* [WHAT TO WORK ON]:
Print each entry again exactly as written, and keep the pictures out.

* [EXTRACTED INFORMATION]:
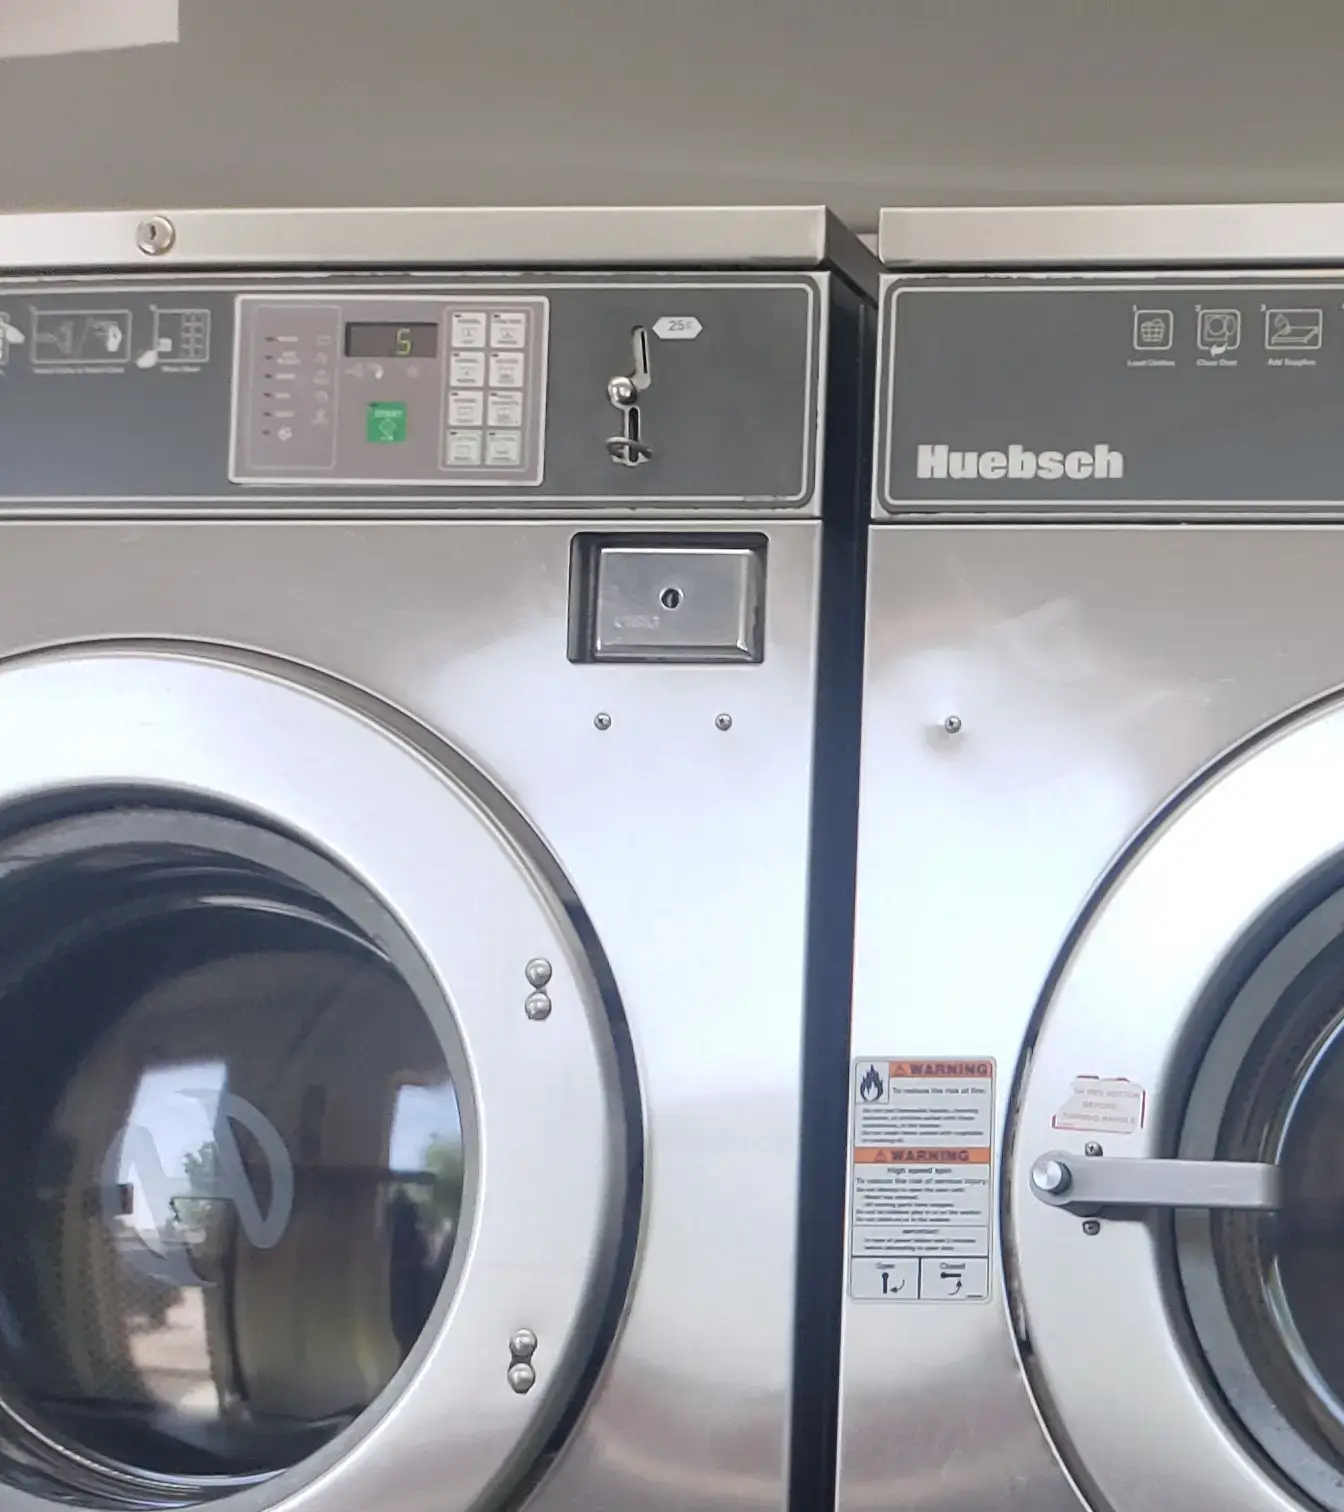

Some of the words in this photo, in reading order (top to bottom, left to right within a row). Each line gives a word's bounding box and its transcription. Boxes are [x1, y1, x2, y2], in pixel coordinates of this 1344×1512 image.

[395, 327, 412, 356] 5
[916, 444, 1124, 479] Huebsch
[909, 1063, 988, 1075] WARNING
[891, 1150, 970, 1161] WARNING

* [RESPONSE TO THIS TASK]:
Some of the words in this photo, in reading order (top to bottom, left to right within a row). Each line gives a word's bounding box and its transcription. Boxes are [x1, y1, x2, y2], in pixel coordinates of this 1344×1512 image.

[395, 327, 412, 356] 5
[916, 444, 1124, 479] Huebsch
[909, 1063, 988, 1075] WARNING
[891, 1150, 970, 1161] WARNING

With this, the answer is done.